Snapp is the pioneer provider of ride-hailing mobile solutions in Iran. It connects smartphone owners who need a ride to Snapp drivers who use their private cars, offering transportation services. We are ambitious, passionate, engaged, and excited about pushing the boundaries of the transportation industry to new frontiers and be the first choice of each user in Iran.

About the Role

As a SOC/NOC Tier1 Specialist in Snapp, you will be working on security log monitoring and analyzing, escalating, reporting, documenting, and more.

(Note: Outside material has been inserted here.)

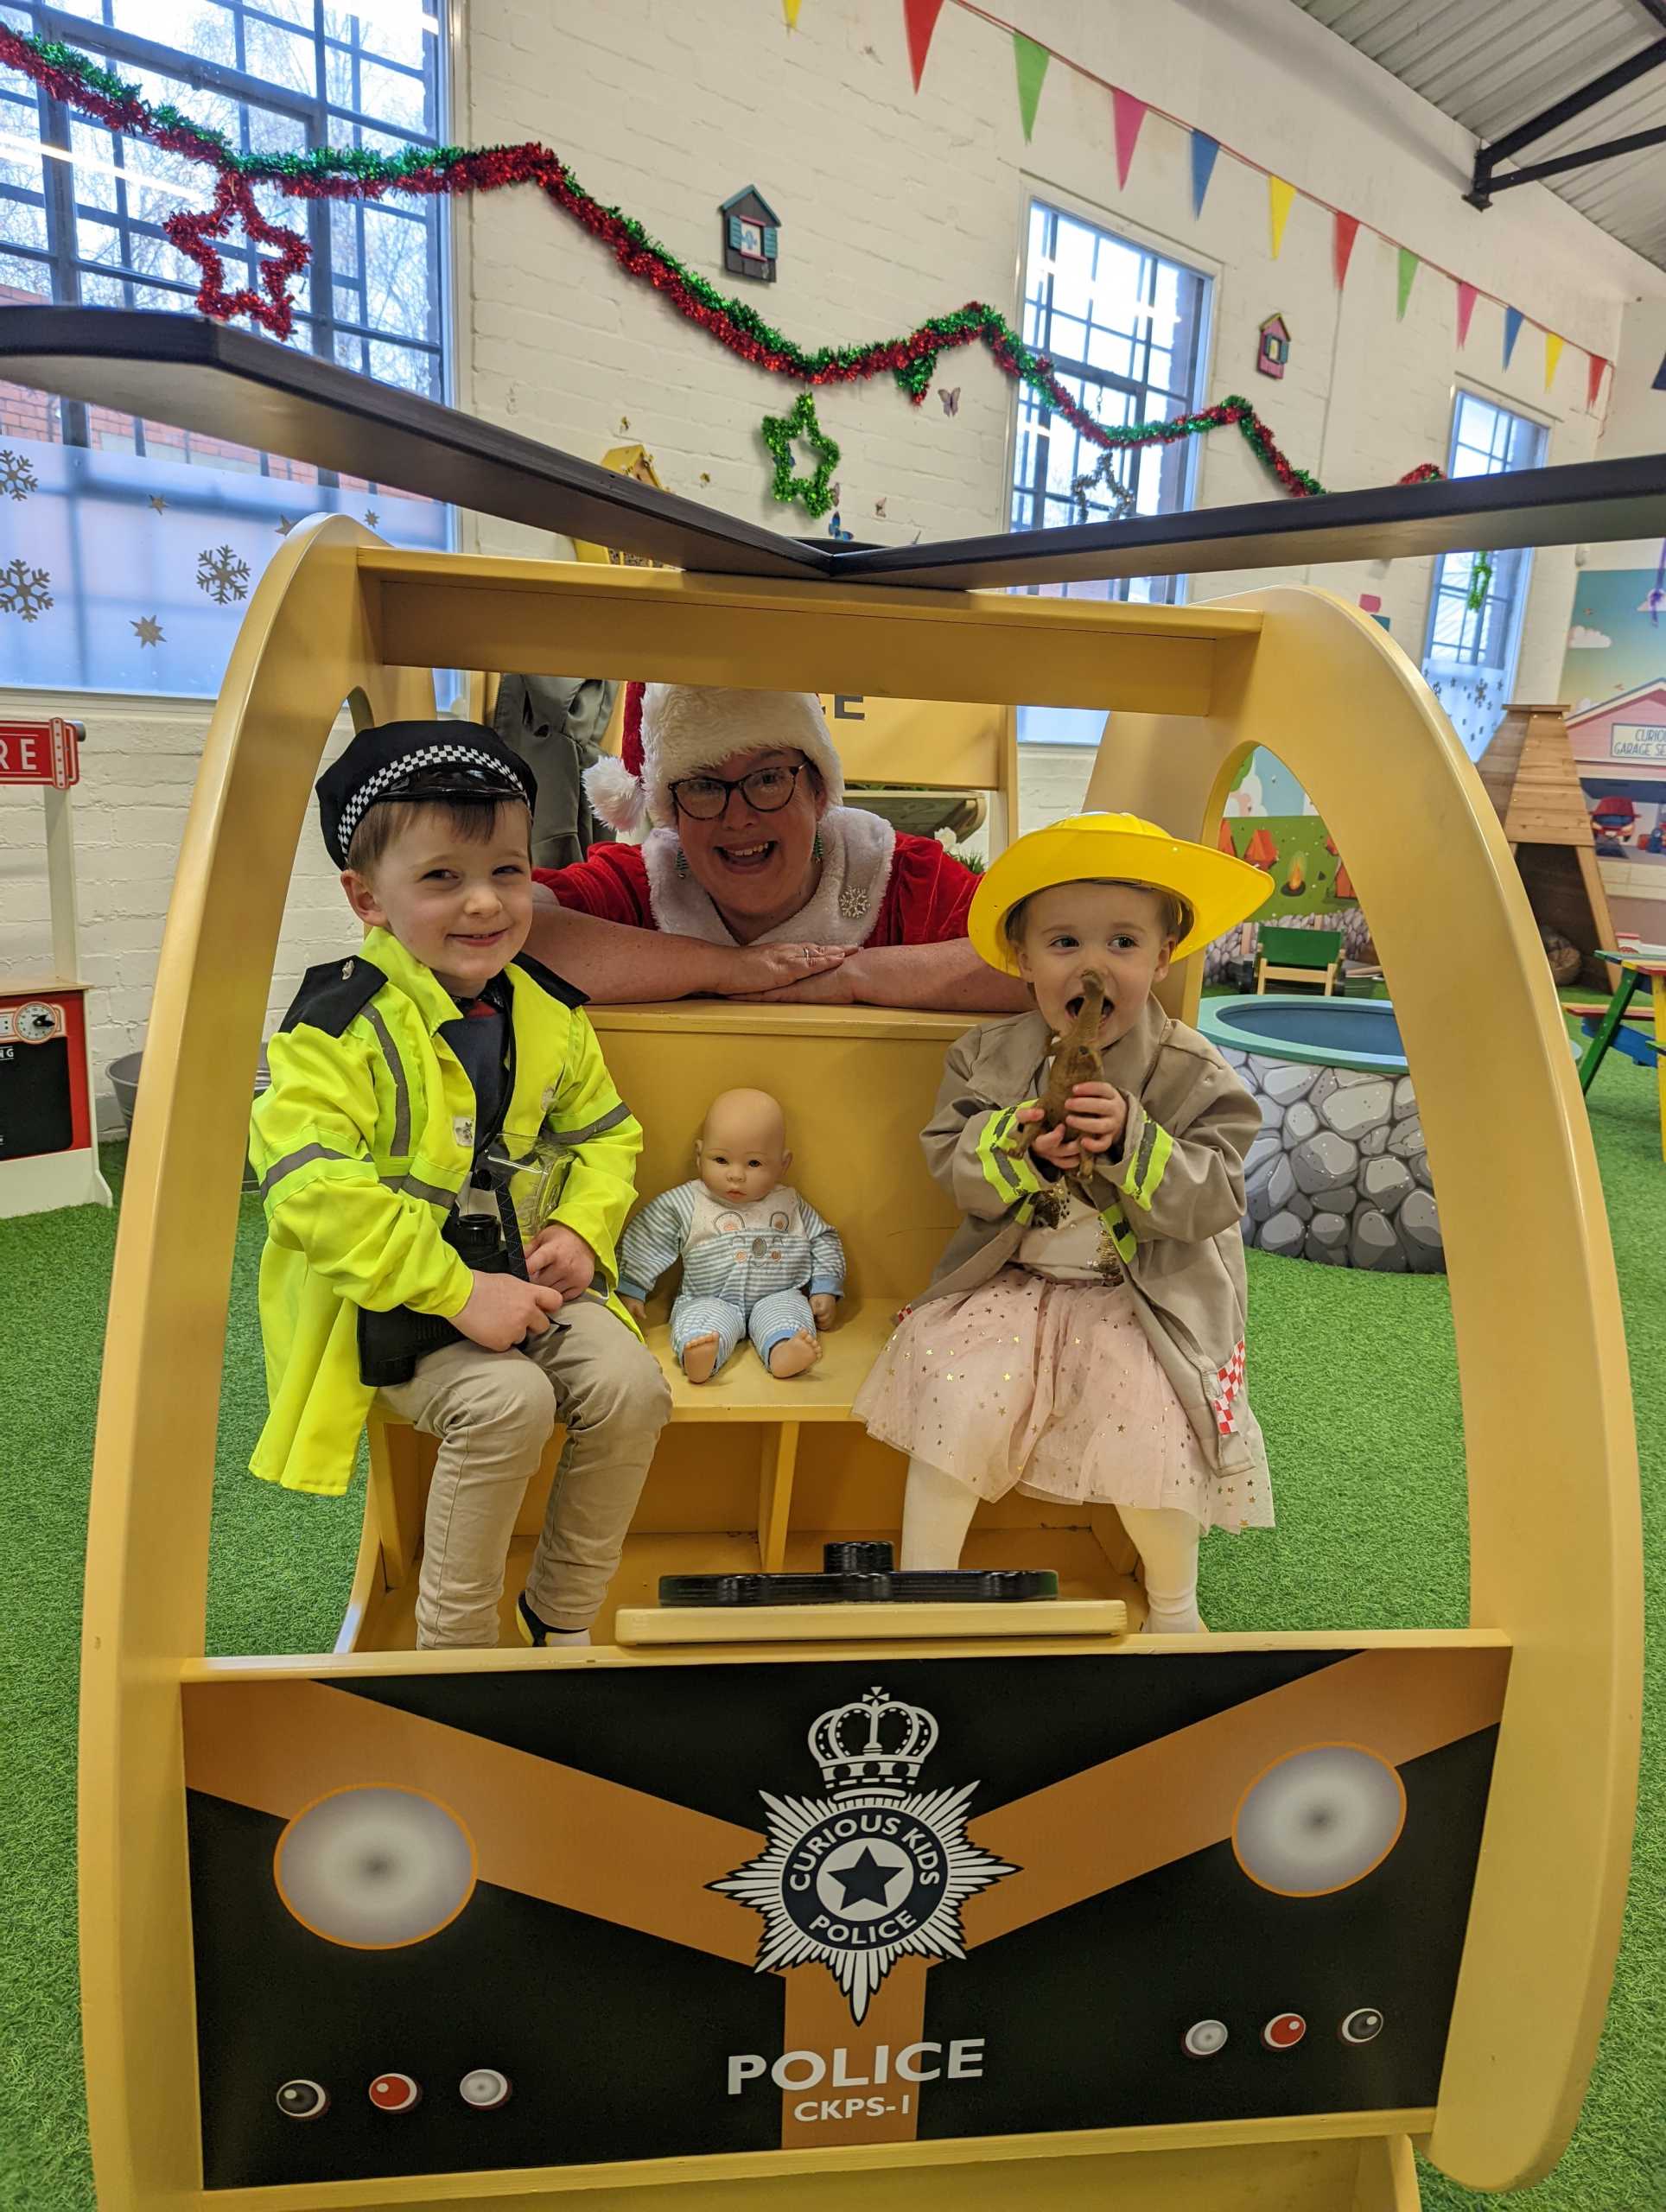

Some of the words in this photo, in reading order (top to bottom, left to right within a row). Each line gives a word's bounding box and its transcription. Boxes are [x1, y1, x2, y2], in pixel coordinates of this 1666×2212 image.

  • Monitoring security events on a real-time basis
  • Handling security incidents on the least time
  • Alarm Handling and Escalation
  • Documentation and Reporting
  • Collaboration with the teammates in the data center and cloud teams
  • Supporting 7*24 Day/Night. (12hrs Shift, 24hrs Rest)
  • Checking all rotational monitoring system’s dashboards along the shift time and following IMP(Incident Management Process) during the incident time.
  • Active contribution in the planning and implementation phases of projects


  • At Least two years of experience in the required job position
  • Ability to work any shift pattern within the 24/7/365 operation, including days, nights, holidays, and weekends.
  • CEH, SANS 504
  • Familiarity with one of the following:
  1. NIST Incident Response Lifecycle
  2. Cyber Kill Chain
  3. Adversarial Tactics
  4. Techniques & Common Knowledge (ATT&CK).
  • Experience working in the following teams:
  1. Computer Incident Response Team (CIRT)
  2. Computer Emergency Response Team (CERT)
  3. Computer Security Incident Response Center (CIRC)
  4. Security Operations Center (SOC)
  • Strong ability to diagnose server or network alerts, events, or issues
  • Understanding of common information architecture frameworks
  • Excellent time management and organizational skills, and ability to handle multiple concurrent tasks
  • Good oral and written communication skills and ability to address conflict with others constructively
  • Experience with Disaster Recovery plans and related technologies Ability to work a flexible schedule
  • Experience with (SIEM) Systems "preferably ELK," Anti-Virus, IDS, Firewalls, Active Directory, and large Enterprise or Cloud environments.
  • Experience with Incident Response, analysis of network traffic, log analysis, ability to prioritize and differentiate between potential intrusion attempts and false alarms, managing and tracking investigations to resolution

Preferred Qualifications (optional)

  • Having prior experience with Zabbix Server would be an advantage
  • Having prior experience with Security Analyze system would be an advantage
  • Familiar with Unix-based operating systems such as Ubuntu, Centos
  • Familiar with one the programming scripting languages such as python

Having good knowledge in firewalling and network security